Looking forward to this tomorrow. Weather looks to be partly cloudy... About the best you can expect this time of year in Northeast Ohio. Bought my glasses over a year ago. Family still makes fun of me for that. My son qualified for the National Army Combatants tournament this week at Ft. Moore in Georgia. I told my wife "REALLY?? Once in a lifetime event and we don't have to travel and I'm going to NOT be in Ohio???". Luckily he doesn't fight until later this week. We'll head down there on Tuesday to watch.
 
I’m off this week from work. My son doesn’t have class either, so we are gonna pick up my daughter from UC at 1:15 and truck up into Indiana (maybe Batesville or wherever we end up getting stuck in traffic if that happens).

Don’t care if it’s overcast the whole time. At 22 and 18, I recognize the clock is ticking on mini-adventures with my kids, and they are excited about it, so it’s gonna be awesome regardless.
 
The weather people told us this morning would be cloudy. There’s not a single cloud in the sky. They say 50% chance of high, thin cirrus clouds at 3 PM. I guess we’ll see what actually happens. Crossing my fingers.
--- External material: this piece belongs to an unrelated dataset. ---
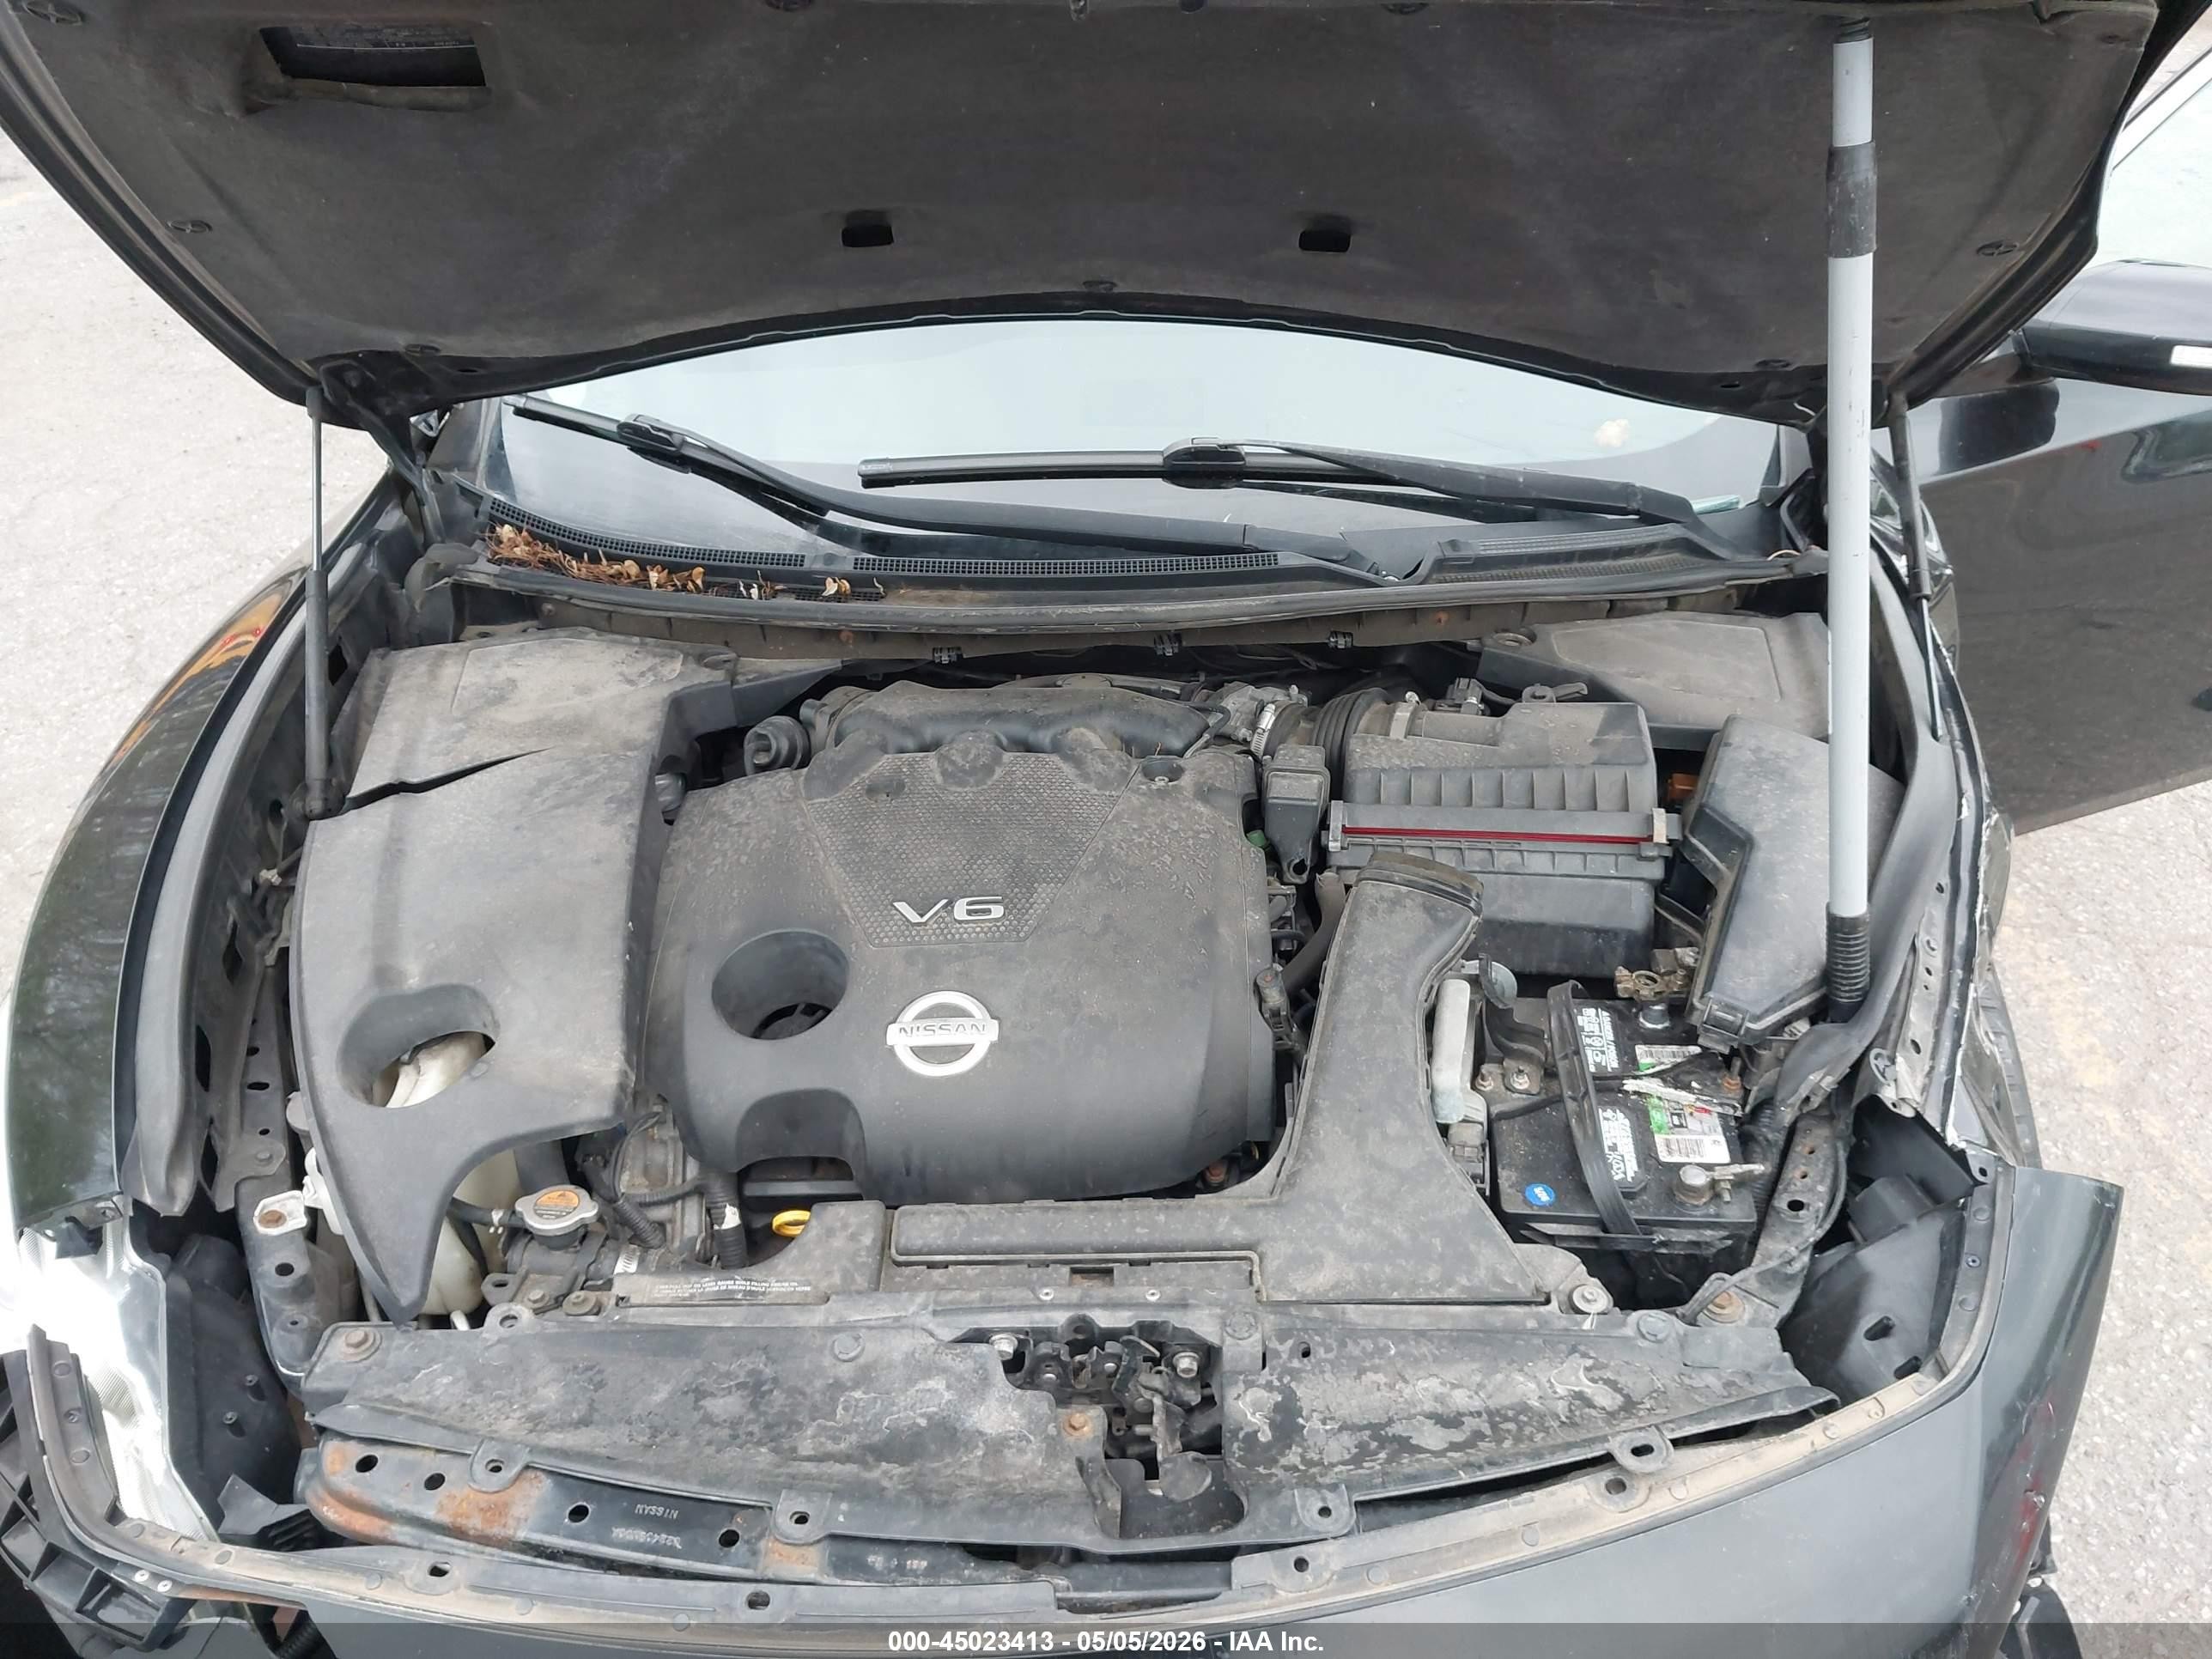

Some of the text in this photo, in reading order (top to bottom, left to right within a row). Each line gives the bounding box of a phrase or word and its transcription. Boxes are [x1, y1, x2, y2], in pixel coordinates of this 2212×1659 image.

[892, 896, 1005, 923] V6
[899, 1023, 986, 1037] NISSAN
[635, 1504, 678, 1519] NISSAN
ETA: Supposed to be 75 today. Color me shocked that there’s actually nice weather in IN.
 
The weather people told us this morning would be cloudy. There’s not a single cloud in the sky. They say 50% chance of high, thin cirrus clouds at 3 PM. I guess we’ll see what actually happens. Crossing my fingers.
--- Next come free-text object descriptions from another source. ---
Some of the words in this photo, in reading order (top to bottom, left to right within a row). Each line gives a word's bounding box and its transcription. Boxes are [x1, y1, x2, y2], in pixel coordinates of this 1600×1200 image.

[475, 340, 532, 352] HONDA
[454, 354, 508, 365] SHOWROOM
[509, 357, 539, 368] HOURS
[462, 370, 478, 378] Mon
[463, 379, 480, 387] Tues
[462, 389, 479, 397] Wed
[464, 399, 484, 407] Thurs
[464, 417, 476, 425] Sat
ETA: Supposed to be 75 today. Color me shocked that there’s actually nice weather in IN.

My friends are making the two hour drive from Mich to Kokomo. It is nice out.
 
Visiting friends in Buffalo this weekend and today for the eclipse. It was absolutely beautiful Saturday and Sunday. Weather forecast for today doesn't sound great so hoping for the best.

The wife and I both have to work tomorrow so we're leaving to go home to Pittsburgh around 5:00. Hopefully traffic won't be a complete disaster but we will be going through Erie which was expecting hundreds of thousands today.
 
Looking forward to this tomorrow. Weather looks to be partly cloudy... About the best you can expect this time of year in Northeast Ohio. Bought my glasses over a year ago. Family still makes fun of me for that. My son qualified for the National Army Combatants tournament this week at Ft. Moore in Georgia. I told my wife "REALLY?? Once in a lifetime event and we don't have to travel and I'm going to NOT be in Ohio???". Luckily he doesn't fight until later this week. We'll head down there on Tuesday to watch.
Looks like about 30% of cloud cover where we’ll be in NEO this afternoon. I’ll take those odds.
 
Visiting friends in Buffalo this weekend and today for the eclipse. It was absolutely beautiful Saturday and Sunday. Weather forecast for today doesn't sound great so hoping for the best.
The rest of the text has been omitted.